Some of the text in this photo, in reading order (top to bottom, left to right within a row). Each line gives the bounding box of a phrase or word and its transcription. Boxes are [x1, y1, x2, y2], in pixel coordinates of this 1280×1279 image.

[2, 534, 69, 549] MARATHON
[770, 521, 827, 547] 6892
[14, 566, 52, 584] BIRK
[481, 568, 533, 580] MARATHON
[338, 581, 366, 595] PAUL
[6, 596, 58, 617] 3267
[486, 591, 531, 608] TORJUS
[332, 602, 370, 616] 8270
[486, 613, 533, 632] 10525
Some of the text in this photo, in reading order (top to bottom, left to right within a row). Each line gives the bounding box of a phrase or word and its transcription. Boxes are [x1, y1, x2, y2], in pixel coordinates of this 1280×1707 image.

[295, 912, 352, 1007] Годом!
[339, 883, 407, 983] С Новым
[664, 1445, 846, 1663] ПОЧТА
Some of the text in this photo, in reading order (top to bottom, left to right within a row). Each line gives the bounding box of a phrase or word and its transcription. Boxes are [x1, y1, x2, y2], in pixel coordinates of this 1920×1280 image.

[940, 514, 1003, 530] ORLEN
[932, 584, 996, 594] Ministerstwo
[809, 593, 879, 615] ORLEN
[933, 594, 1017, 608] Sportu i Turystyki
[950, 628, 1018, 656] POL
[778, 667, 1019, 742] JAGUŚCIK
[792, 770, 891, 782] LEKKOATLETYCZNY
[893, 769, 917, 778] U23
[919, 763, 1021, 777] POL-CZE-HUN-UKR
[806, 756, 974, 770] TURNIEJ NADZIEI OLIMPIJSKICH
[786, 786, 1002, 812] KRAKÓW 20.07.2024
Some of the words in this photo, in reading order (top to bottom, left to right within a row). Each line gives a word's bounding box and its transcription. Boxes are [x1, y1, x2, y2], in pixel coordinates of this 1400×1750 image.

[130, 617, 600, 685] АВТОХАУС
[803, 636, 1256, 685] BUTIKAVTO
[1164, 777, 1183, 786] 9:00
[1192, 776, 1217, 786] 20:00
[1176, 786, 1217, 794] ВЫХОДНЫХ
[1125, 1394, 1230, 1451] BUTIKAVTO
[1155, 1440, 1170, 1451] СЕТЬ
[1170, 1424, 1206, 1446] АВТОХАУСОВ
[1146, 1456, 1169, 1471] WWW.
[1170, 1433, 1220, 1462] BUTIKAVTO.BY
========================================
- [EXERCISE REQUIREMENTS]: Return all of the lines above exactly, with none omitted.

- [ANSWER SECTION]:
Some of the text in this photo, in reading order (top to bottom, left to right within a row). Each line gives the bounding box of a phrase or word and its transcription. Boxes are [x1, y1, x2, y2], in pixel coordinates of this 1280×1279 image.

[2, 534, 69, 549] MARATHON
[770, 521, 827, 547] 6892
[14, 566, 52, 584] BIRK
[481, 568, 533, 580] MARATHON
[338, 581, 366, 595] PAUL
[6, 596, 58, 617] 3267
[486, 591, 531, 608] TORJUS
[332, 602, 370, 616] 8270
[486, 613, 533, 632] 10525
Some of the text in this photo, in reading order (top to bottom, left to right within a row). Each line gives the bounding box of a phrase or word and its transcription. Boxes are [x1, y1, x2, y2], in pixel coordinates of this 1280×1707 image.

[295, 912, 352, 1007] Годом!
[339, 883, 407, 983] С Новым
[664, 1445, 846, 1663] ПОЧТА
Some of the text in this photo, in reading order (top to bottom, left to right within a row). Each line gives the bounding box of a phrase or word and its transcription. Boxes are [x1, y1, x2, y2], in pixel coordinates of this 1920×1280 image.

[940, 514, 1003, 530] ORLEN
[932, 584, 996, 594] Ministerstwo
[809, 593, 879, 615] ORLEN
[933, 594, 1017, 608] Sportu i Turystyki
[950, 628, 1018, 656] POL
[778, 667, 1019, 742] JAGUŚCIK
[792, 770, 891, 782] LEKKOATLETYCZNY
[893, 769, 917, 778] U23
[919, 763, 1021, 777] POL-CZE-HUN-UKR
[806, 756, 974, 770] TURNIEJ NADZIEI OLIMPIJSKICH
[786, 786, 1002, 812] KRAKÓW 20.07.2024
Some of the words in this photo, in reading order (top to bottom, left to right within a row). Each line gives a word's bounding box and its transcription. Boxes are [x1, y1, x2, y2], in pixel coordinates of this 1400×1750 image.

[130, 617, 600, 685] АВТОХАУС
[803, 636, 1256, 685] BUTIKAVTO
[1164, 777, 1183, 786] 9:00
[1192, 776, 1217, 786] 20:00
[1176, 786, 1217, 794] ВЫХОДНЫХ
[1125, 1394, 1230, 1451] BUTIKAVTO
[1155, 1440, 1170, 1451] СЕТЬ
[1170, 1424, 1206, 1446] АВТОХАУСОВ
[1146, 1456, 1169, 1471] WWW.
[1170, 1433, 1220, 1462] BUTIKAVTO.BY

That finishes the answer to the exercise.